- [Data provided]:
-=-=-=-=-
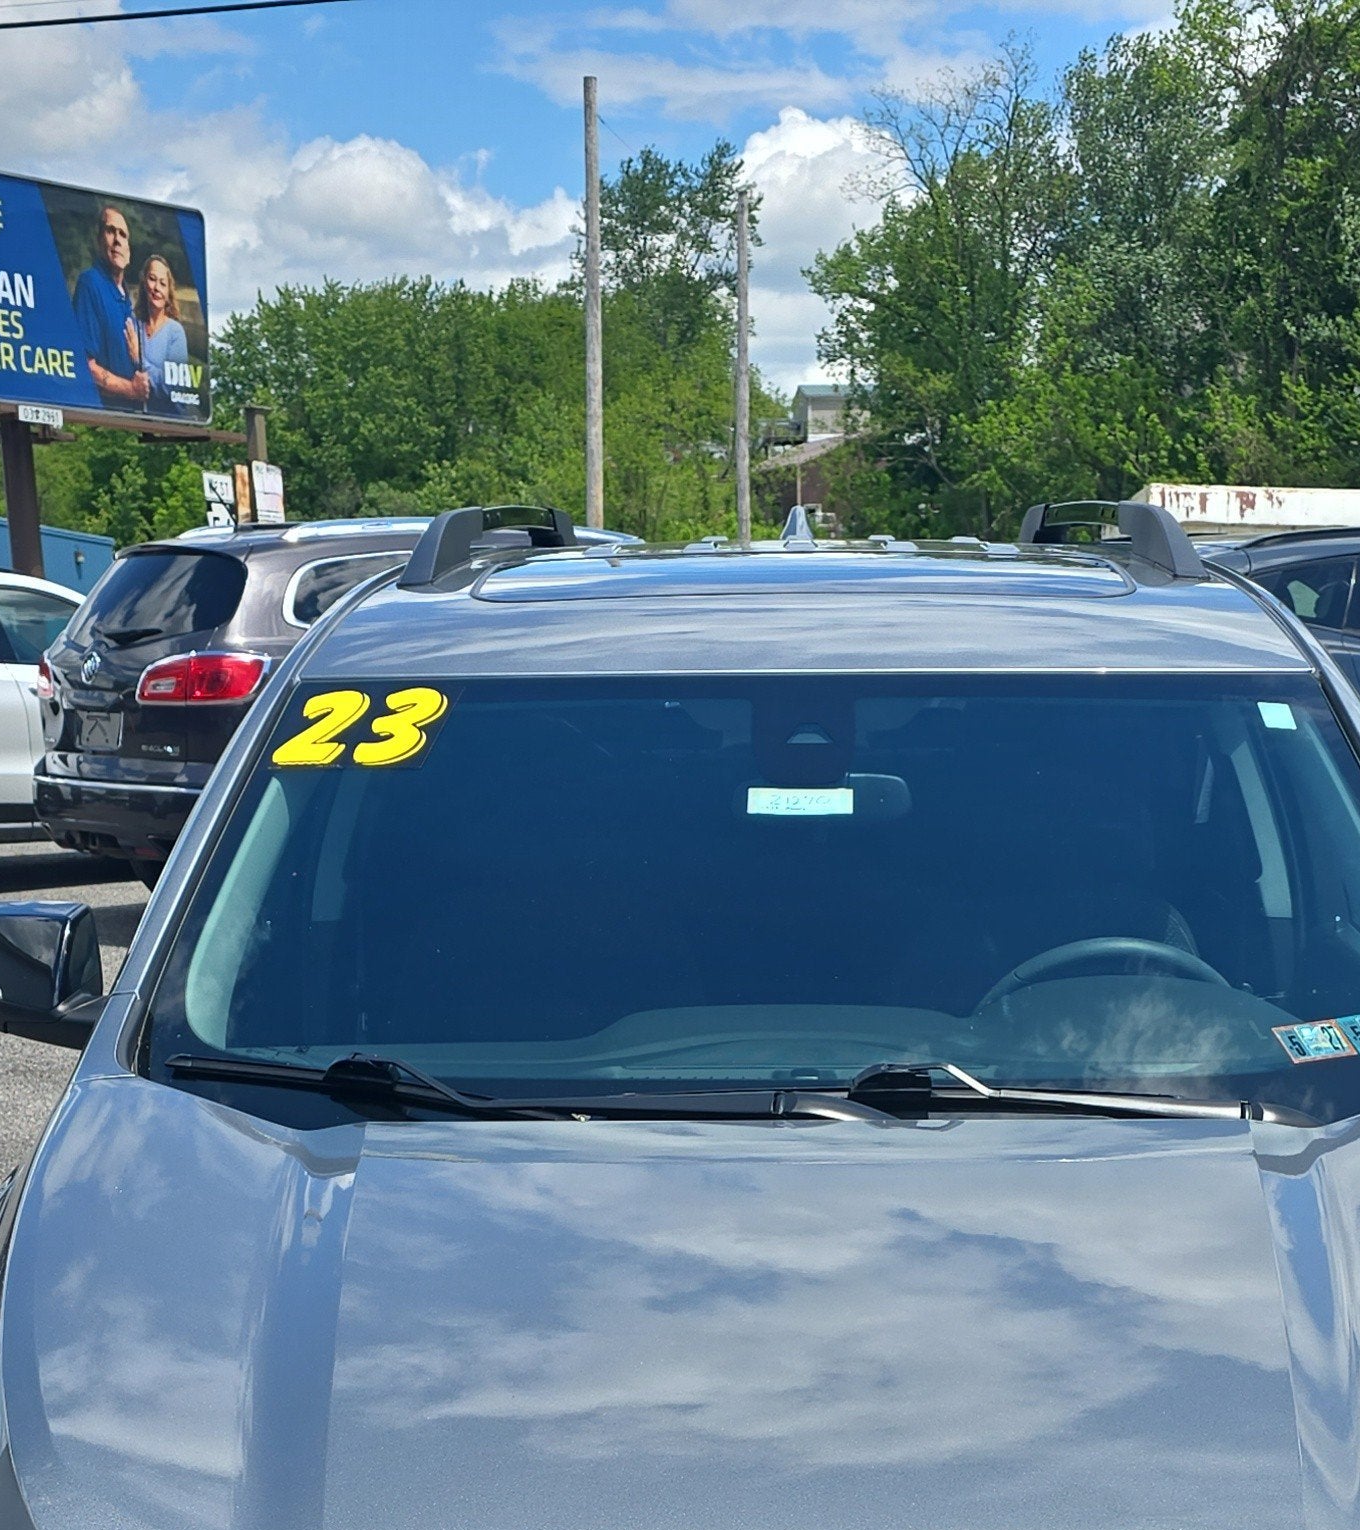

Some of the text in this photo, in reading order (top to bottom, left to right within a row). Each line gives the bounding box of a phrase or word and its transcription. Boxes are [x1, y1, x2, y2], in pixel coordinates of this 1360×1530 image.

[20, 344, 76, 379] CARE
[164, 361, 203, 388] DAV
[272, 687, 448, 766] 23
[1321, 1025, 1346, 1052] 27
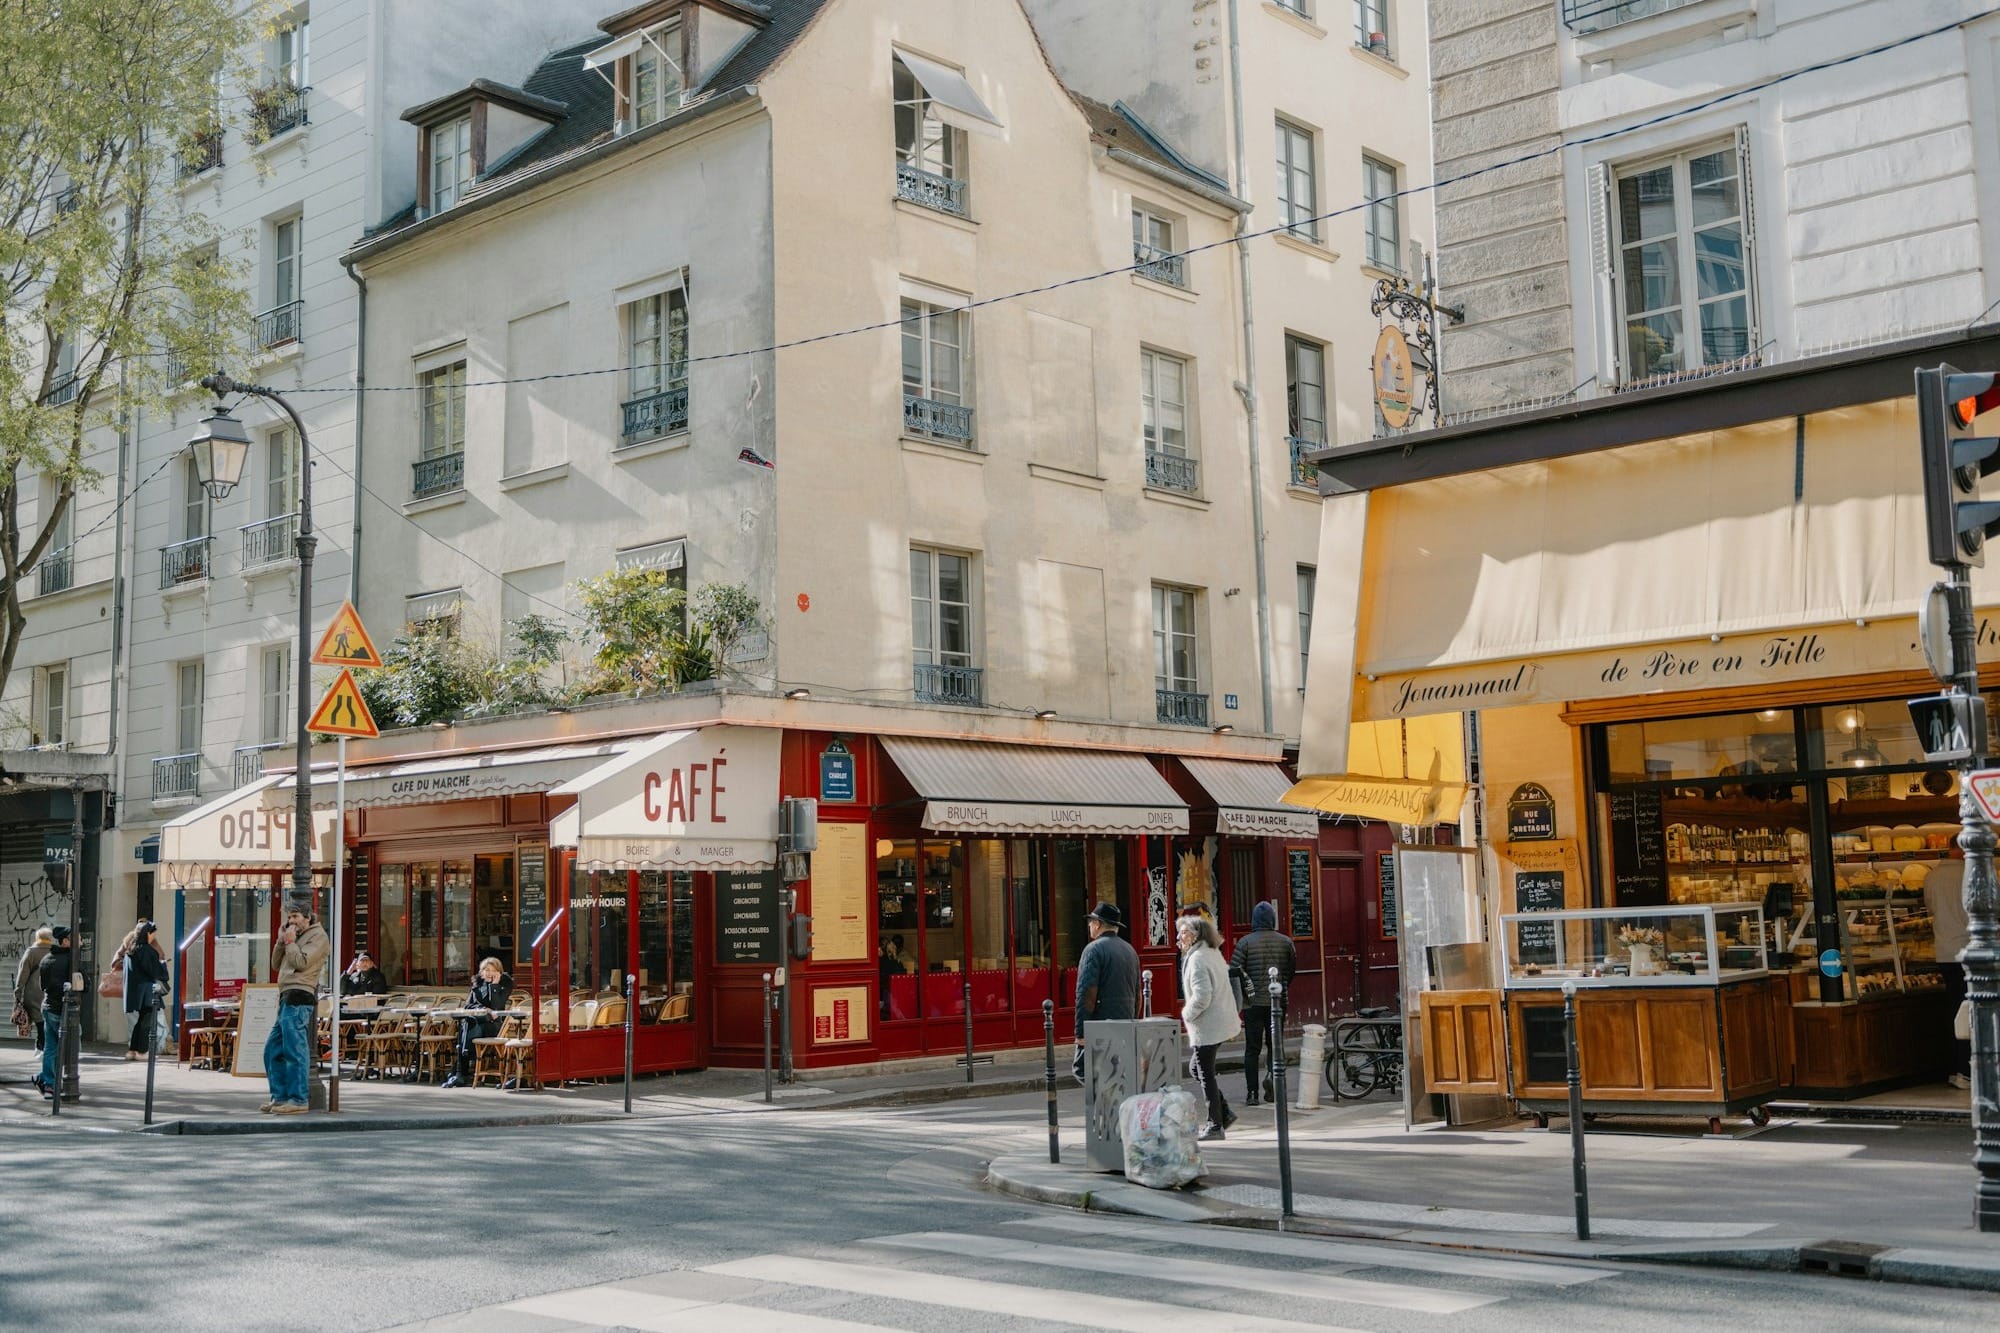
-=-=-=-=-
- [Task objective]:
Return every entry unchanged and skip the pictures.

- [Answer section]:
Some of the text in this photo, in reading order (top to bottom, left to right within a row). Each line gives the bounding box of a phrase or word and its transcription. Boxes are [x1, y1, x2, y2], in pixel coordinates of this 1360×1530 image.

[20, 344, 76, 379] CARE
[164, 361, 203, 388] DAV
[272, 687, 448, 766] 23
[1321, 1025, 1346, 1052] 27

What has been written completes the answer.